To investigate the specific role of FhaA in this regulation, we determined whether FhaA is located at sites of cell wall synthesis. The chromosomal fhaA open reading frame in M. smegmatis was fused to the fluorescent protein mVenus. The FhaA-mVenus fusion protein was functional because it supported normal growth rate and cell morphology. Microscopic observation of live cells revealed that the FhaA fusion protein was enriched at the cell poles and septa (Fig. 6B and fig. S6), which are the major sites of cell wall biosynthesis in mycobacteria (18, 19).

To reduce the amount of FhaA in vivo, we degraded the FhaA fusion with the ID tag incorporated into the fluorescent protein. Depletion of FhaA, as judged by Western blotting and loss of polar and septal fluorescence, had only a minimal effect on bacterial growth (Fig. 6C) and did not reproducibly alter the abundance of extractable DAP-containing PG precursors. These phenotypes were consistent with the nonessential nature of the Mt-MviN regulatory domain to which FhaA binds. However, FhaA depletion dramatically altered cell morphology, producing irregularly shaped cells that were markedly shorter and wider than wild-type M. smegmatis (Fig. 6D). Thus, both the localization of FhaA and its role in maintaining normal cell shape indicated a function in regulating cell wall biosynthesis.

Because Mt-MviN was required for PG biosynthesis, we used a fluorescent derivative of vancomycin to determine whether FhaA depletion altered the production or structure of nascent PG at the cell surface. This membrane-impermeable antibiotic binds to the d-Ala–d-Ala moiety of nascent PG and lipid II, inhibiting subunit incorporation into growing PG and subsequent peptide cross-linking. Association of BODIPY-vancomycin with M. smegmatis increased over hours and required continual cellular metabolism (Fig. 6E), indicating that the accumulation of fluorescence could be used to estimate the rate at which the d-Ala–d-Ala moiety appeared at the cell surface. With this assay, FhaA depletion significantly increased the rate of BODIPY-vancomycin staining at the cell poles and septa (Fig. 6, E and F, and fig. S7). Polar staining may reflect binding of vancomycin to stem peptides in uncross-linked PG, sequestration of lipid II at the pole, or both. This localized increase in nascent PG abundance indicated that morphological defects observed upon FhaA depletion resulted from misregulated PG biosynthesis.

DISCUSSION

This work describes the discovery of a regulatory complex consisting of an essential PG biosynthetic protein, Mt-MviN, and an FHA domain–containing regulatory protein, FhaA. Our data suggest that the STPK PknB, which is essential for the growth and proper cell morphology of mycobacteria (20), initiates the formation of this complex. The PknB extracellular sensor domain contains four tandem PASTA repeats that bind synthetic PG fragments (21, 22). PASTA domains in the orthologous STPK of Bacillus subtilis, PrkC, bind weakly to sites in mature PG and more strongly to soluble PG fragments (23, 24). The competition between these two interactions may provide a conserved mechanism that regulates PknB by altering dimerization or localization of the intracellular KDs (10, 22, 25). We found that PknB quantitatively phosphorylated Thr947 at the C terminus of the pseudokinase domain of Mt-MviN, which is among the sites phosphorylated in Mtb in vivo (26).

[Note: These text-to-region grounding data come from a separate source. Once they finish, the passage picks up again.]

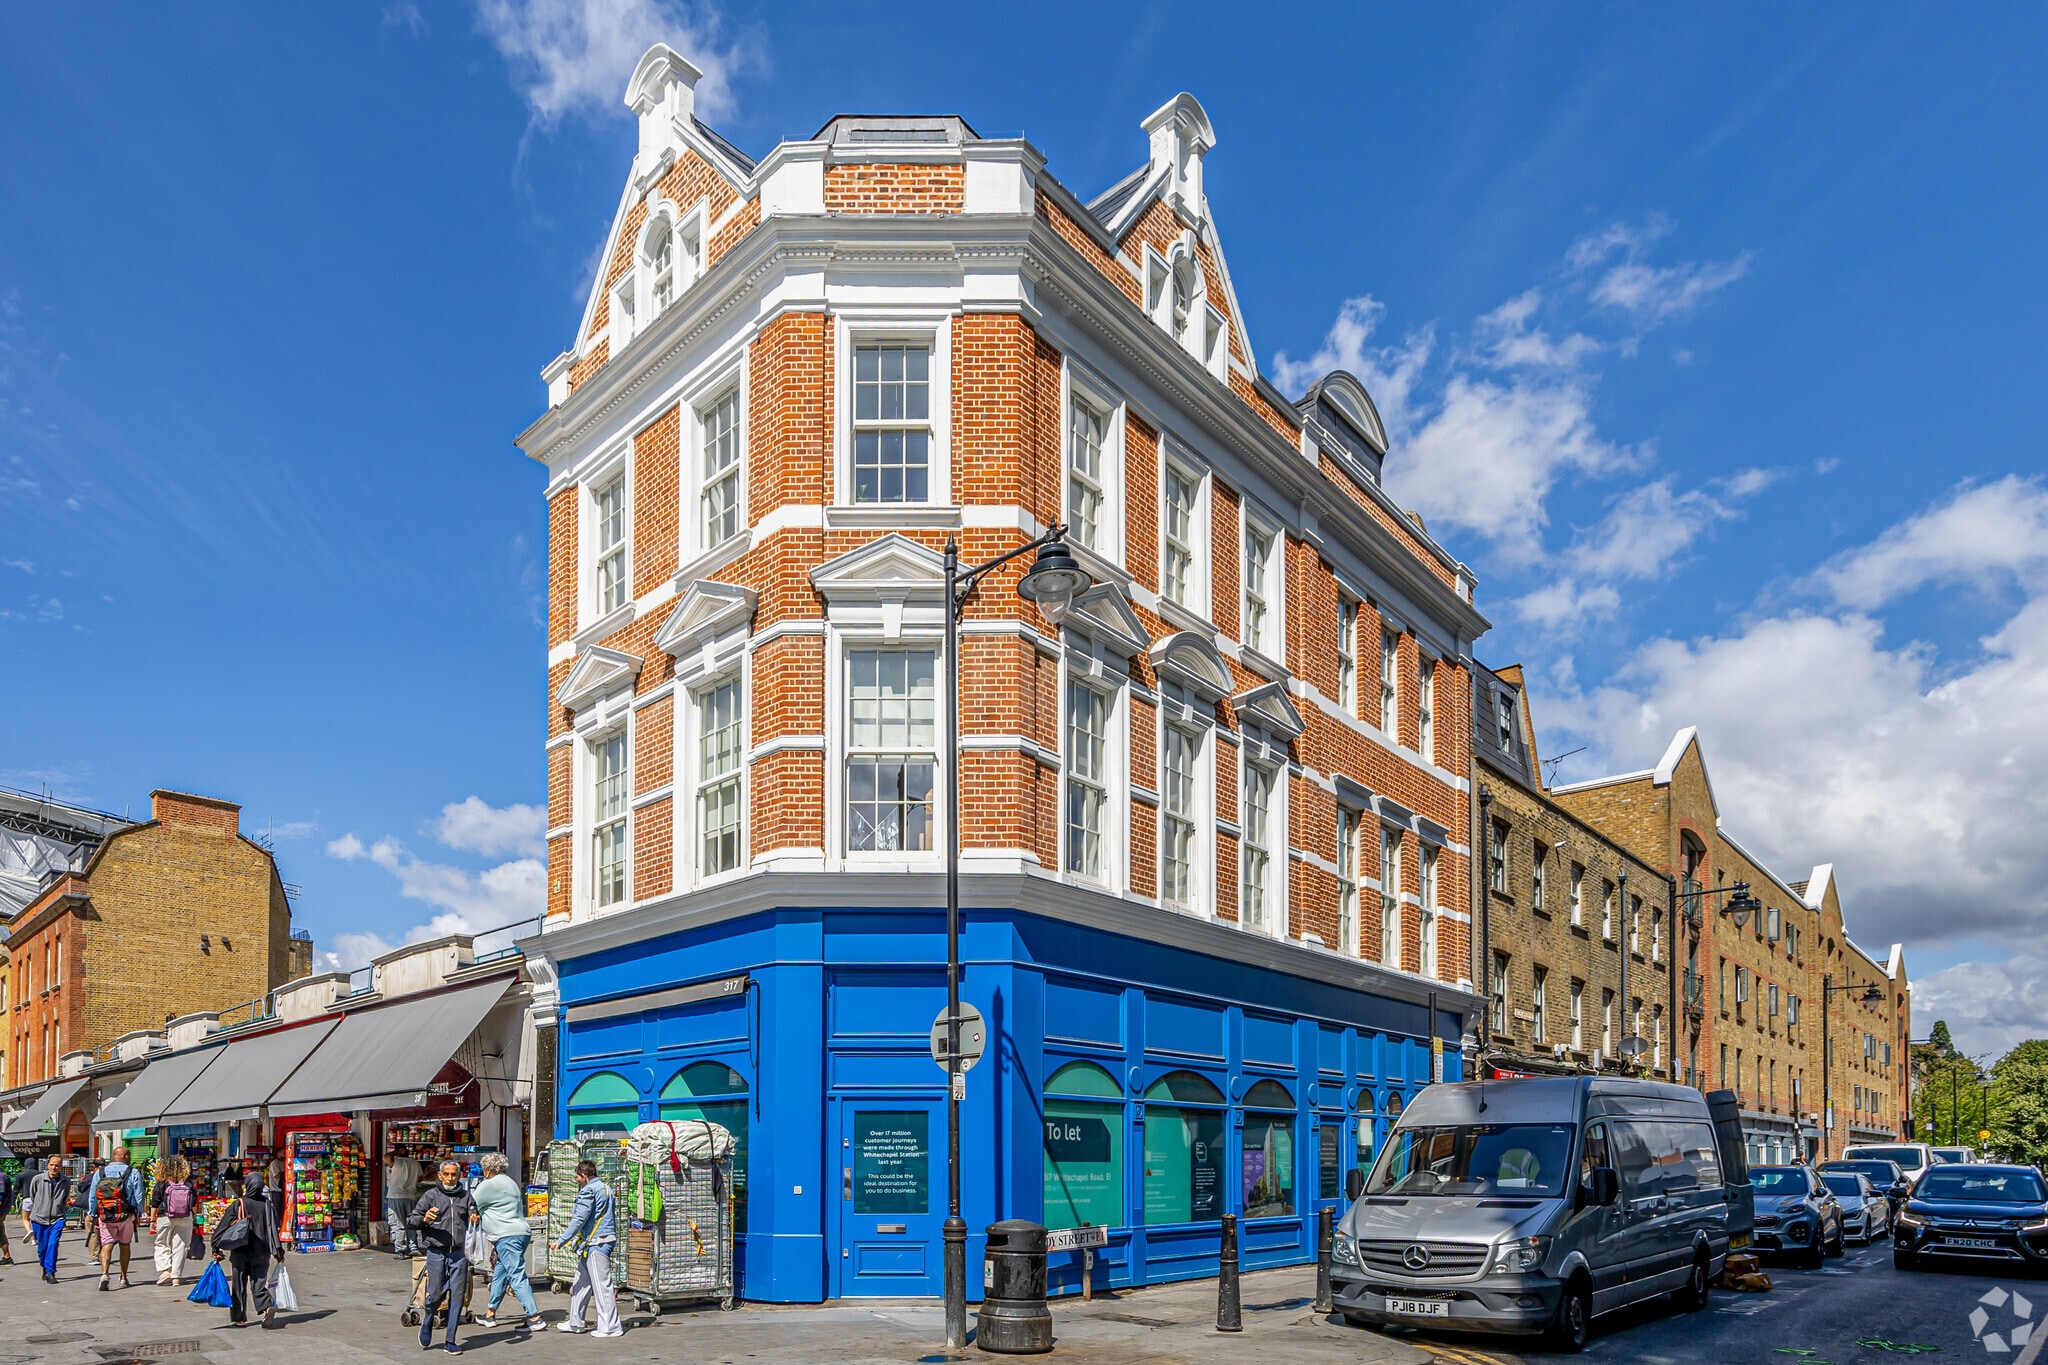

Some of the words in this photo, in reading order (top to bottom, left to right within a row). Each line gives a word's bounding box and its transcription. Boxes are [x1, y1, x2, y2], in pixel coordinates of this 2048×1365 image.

[724, 980, 739, 992] 317
[1046, 1122, 1061, 1140] To
[1065, 1123, 1081, 1141] let
[13, 1147, 40, 1155] coffee
[1046, 1236, 1057, 1247] DY
[1058, 1231, 1090, 1246] STREET
[1095, 1231, 1104, 1242] E1
[1947, 1238, 1972, 1246] FN20
[1974, 1239, 1993, 1247] CHC
[1392, 1300, 1416, 1313] PJ18
[1418, 1303, 1441, 1314] DJF

This phosphorylation site occurs in the juxtamembrane linker C-terminal to the Mt-MviN pseudokinase domain. The crystal structure of the Mt-MviN domain provided an initial viewof a bacterial pseudokinase and revealed the most deeply diverged pseudokinase described to date (fig. S8). Aromatic residues in Mt-MviN fill the canonical ATP binding site and play a structural role by completing the C spine, a stabilizing nonpolar network that extends between the lobes (27). The absence of an ATP binding site suggests that Mt-MviN will be refractory to ATP-competitive kinase inhibitors.

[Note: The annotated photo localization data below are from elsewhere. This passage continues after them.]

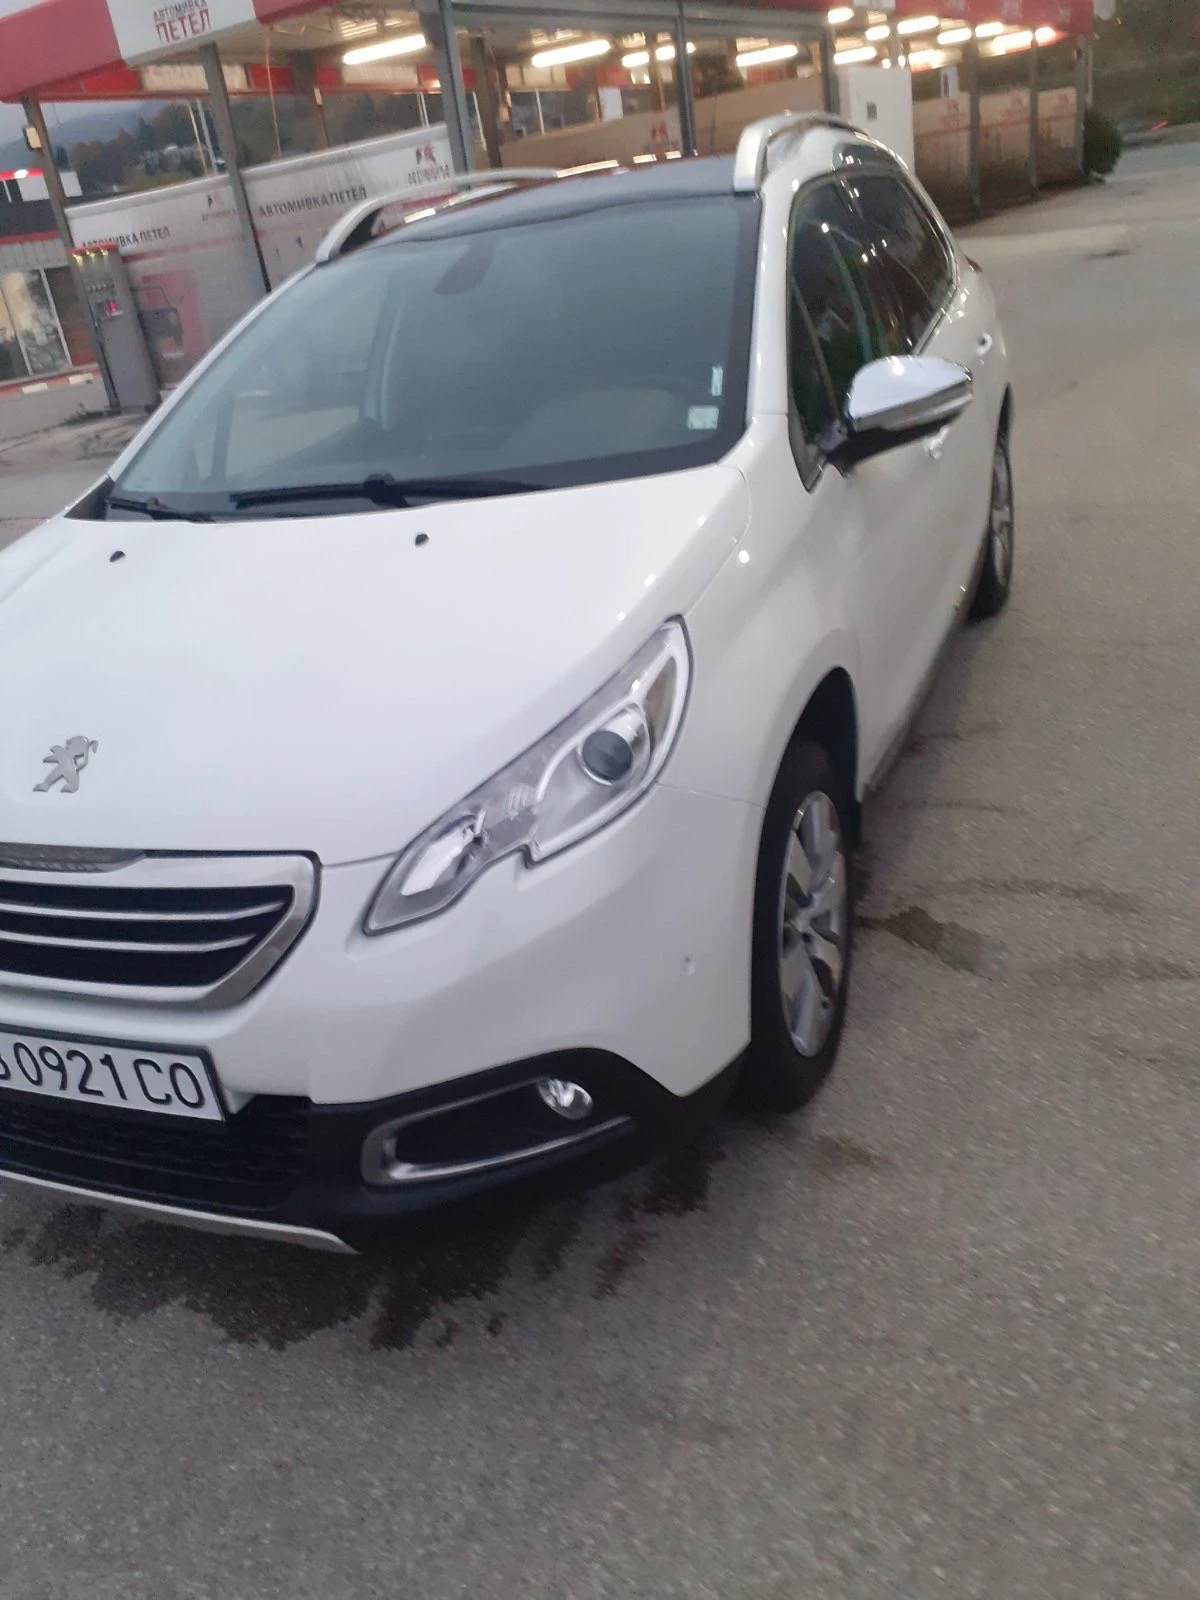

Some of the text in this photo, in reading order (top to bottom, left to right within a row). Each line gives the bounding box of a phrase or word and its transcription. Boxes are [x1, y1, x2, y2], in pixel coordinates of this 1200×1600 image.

[155, 8, 211, 44] ПЕТЕЛ
[259, 194, 329, 218] АВТОМИВКА
[330, 184, 368, 206] ПЕТЕЛ
[140, 226, 171, 243] ПЕТЕЛ
[13, 1041, 128, 1101] 0921
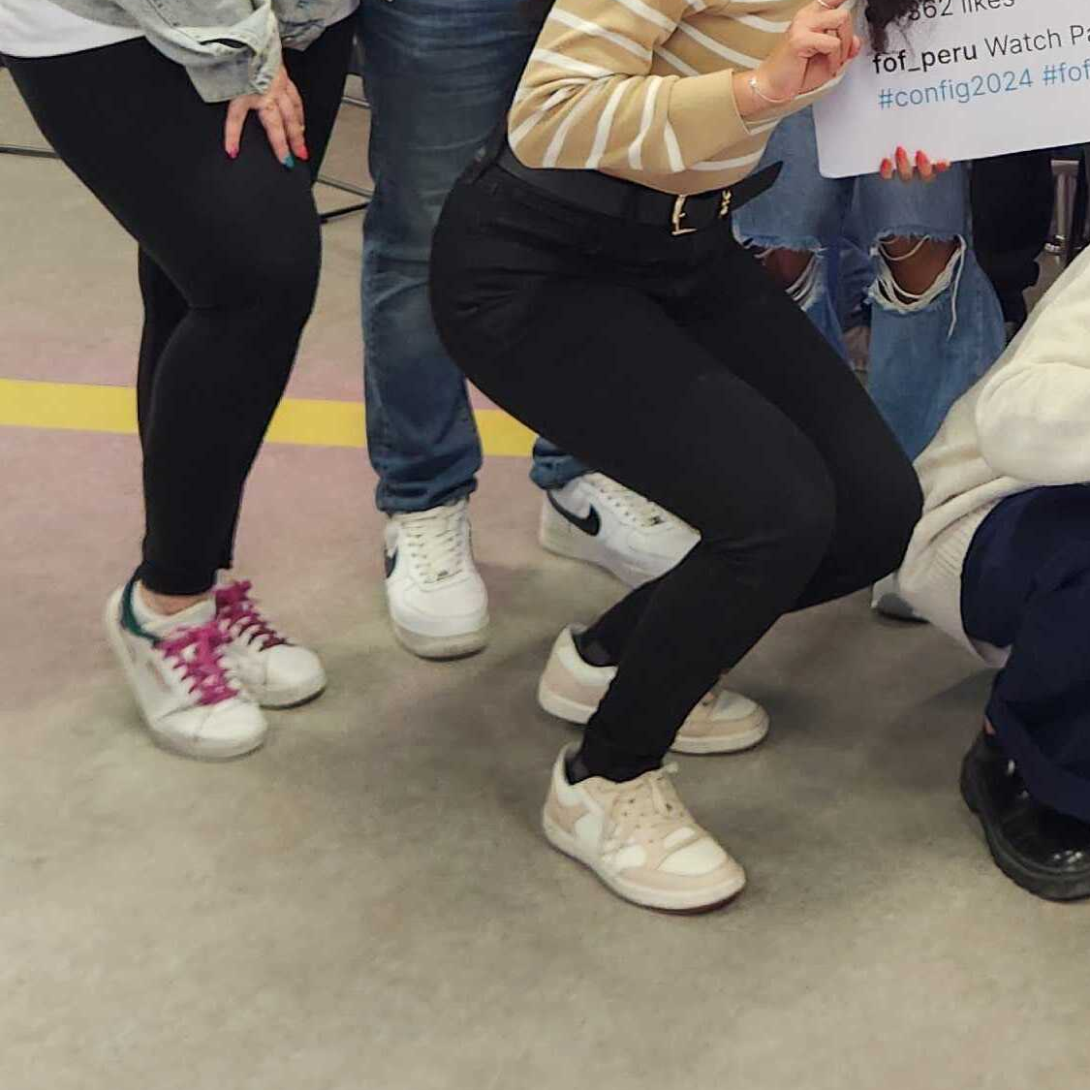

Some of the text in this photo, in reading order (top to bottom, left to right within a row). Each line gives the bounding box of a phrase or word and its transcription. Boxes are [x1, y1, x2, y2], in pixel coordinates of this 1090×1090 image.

[872, 43, 979, 75] fof_peru
[984, 27, 1063, 59] Watch
[877, 67, 1035, 110] #config2024

Our analysis showed that the Mt-MviN pseudokinase retains at least two functional characteristics of homologous STPKs—the formation of a back-to-back dimer and phosphorylation in the juxtamembrane linker following the KHD (28). A segment N-terminal to the KHD that is absent from catalytically active bacterial receptor STPKs augmented dimer formation. Because Mtb receptor STPKs are also phosphorylated at juxtamembrane linker sites (29), the phosphorylation-dependent binding of FhaA to the Mt-MviN linker may reflect a regulatory mechanism that was retained (30) or enhanced in the divergence of Mt-MviN.

Phosphorylation of Mt-MviN recruits FhaA through an interaction with the FHA domain. Both in vitro and in vivo, this association was tight and specific and depended on Thr947 phosphorylation. Unlike previous structures of FHA domains bound to cognate peptides, the Mt-MviN–FhaA interface contains protein-protein contacts that are remote from the pThr binding site. The most important of these interactions appears to be FhaA Arg459, which caps the C-terminal helix in the pseudokinase three amino acids before pThr947 and bridges to the Mt-MviN Thr947 oxygen. In complexes of FHA domains with target phosphopeptides, a homologous Arg makes a distinct interaction with the main chain in the −2 position of the bound peptide (13, 31). Considering the FhaA–Mt-MviN structure, it will be of interest to discover whether this conserved Arg serves a general function as a “ruler” that measures three residues from the end of a helix to an exposed pThr site.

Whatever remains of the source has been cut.